Dopamine is a biological fluid that diffuses extensively throughout the human brain and is classified as a catecholamine [100, 101]. Dopamine is critical for the regulation of human movement and emotional responses [102]. As a result, the analysis of dopamine levels in the human body, remarkably the cerebrospinal fluid (CSF), is critical for the early detection and treatment of a variety of neural diseases [103, 104]. Pagano et al. recently proposed a novel approach for developing a dopamine detection system based on SERS-LSPR by fabricating a hybrid layer of perylene bisimide (PBI) derivative and multishaped Au nanostructures (AuNS) [45]. The fabricated detection system is capable of detecting dopamine concentrations as low as 1 × 10−9 mM over a detection range of 10−9—10−5 mM with a linear response of 10−9–10−6 M. Due to the coupling mechanism between localized (AuNS) and propagating surface plasmons in the PBI/AuNS hybrid layer, such low levels of dopamine can be detected. Additionally, PBI aids in the sensing device’s surface functionalization. Eddin et al. modified the sensing surface of the Kretschmann-based SPR sensor by coating the Au thin film with chitosan-graphene quantum dots (CS-GQDs) to enable the detection of low levels of dopamine [27]. The sensing device detected dopamine with a sensitivity and limit of detection (LOD) of 0.011°/fM and 1 × 10−12 mM, respectively, over a detection range of 10−12—10−9 mM. It was discovered that the presence of CS-GQDs enhances the surface sensing ability to capture dopamine targets.

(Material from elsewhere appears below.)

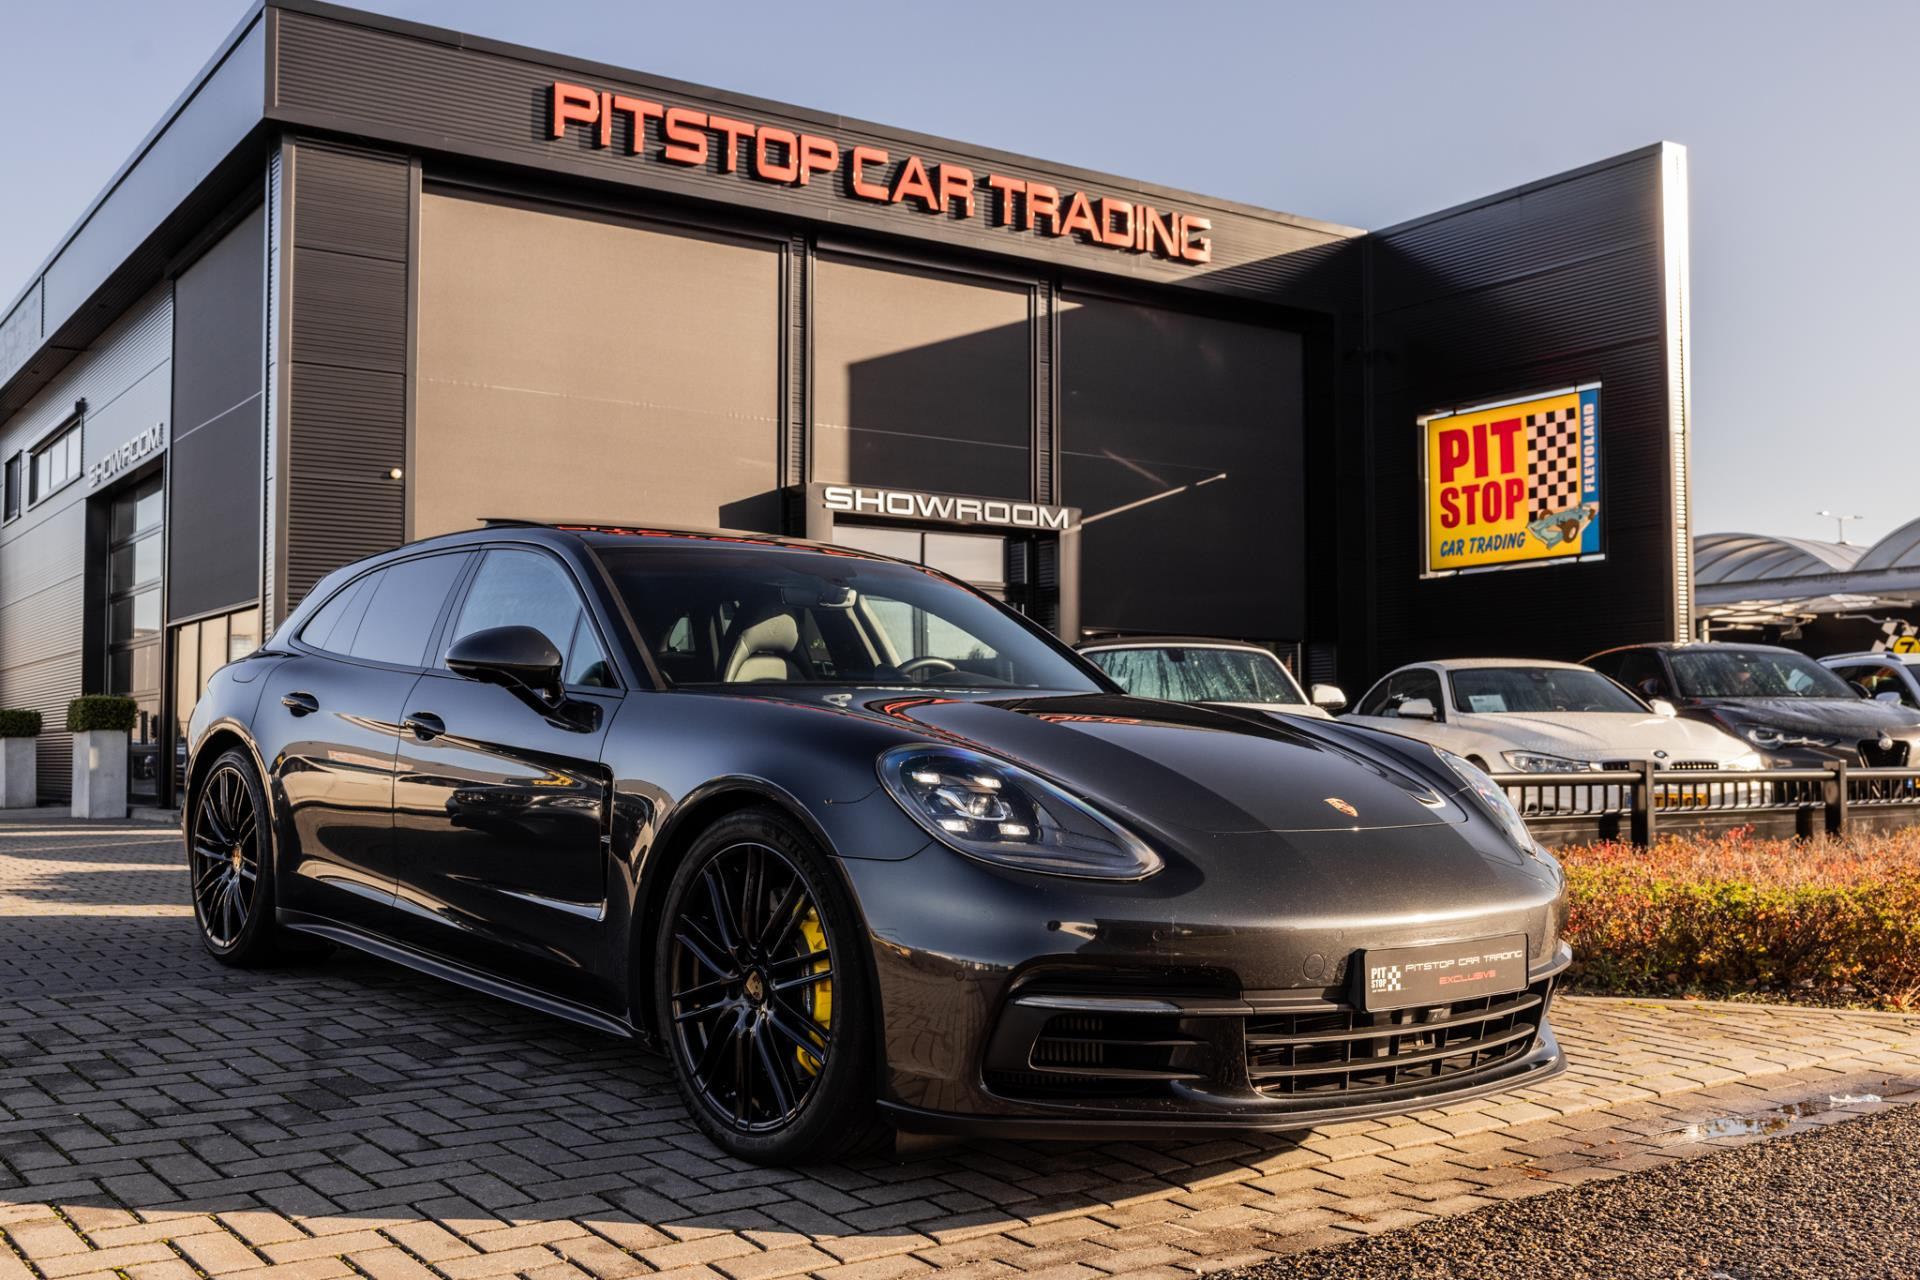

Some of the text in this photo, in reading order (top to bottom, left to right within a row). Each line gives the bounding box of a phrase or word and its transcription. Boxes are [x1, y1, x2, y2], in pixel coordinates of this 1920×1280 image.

4. Summary and Further Perspectives
Kidneys are vital organs in the human body that filter the blood of metabolic waste and excess water while reabsorbing necessary chemicals and electrolytes, balancing acid-base conditions, and performing independent nephron functions. Thus, maintaining healthy kidneys is essential for human survival. However, kidney problems can result from physical damage or disease, resulting in various negative consequences and even death in humans. The concentration of urea and creatinine in either blood or urine could be used to diagnose kidney disease. The rise in normal urea and creatinine concentrations is a cause for concern that must be addressed. As a result, the development of SPR-based sensors is critical indetecting and monitoring kidney problems in the human body. Several researchers have published their research on this topic to develop advanced technology for several detection targets related to kidney problems early detection or monitoring.
For urea and creatinine detection, SPR-based sensors have been developed into three configurations: thin-film SPR, LSPR-based sensors, and optical fiber-based SPR sensors. The thin-film SPR generates the SPR phenomenon using either Kretschmann or other configuration. Typically, a sensing surface modification with ligands or an immobilization matrix is used to improve the sensing surfaces' analytes capturing mechanism, resulting in improved sensor performance. LSPR-based sensors typically use metal nanoparticles (MNPs) such as AuNPs or AgNPs at the SERS sensor surfaces to improve sensing ability by utilizing the plasmonic phenomenon. The presence of MNPs has been reported to improve sensitivity and LOD values. Finally, optical-based SPR sensors are fabricated by coating the outer layer of an optical fiber with a metal thin film to generate plasmonic waves from the SPR phenomenon. MNPs are also coated on the metal thin-film layer to improve sensor performance by combining the LSPR phenomenon coupled with the SPR phenomenon from the thin metal film.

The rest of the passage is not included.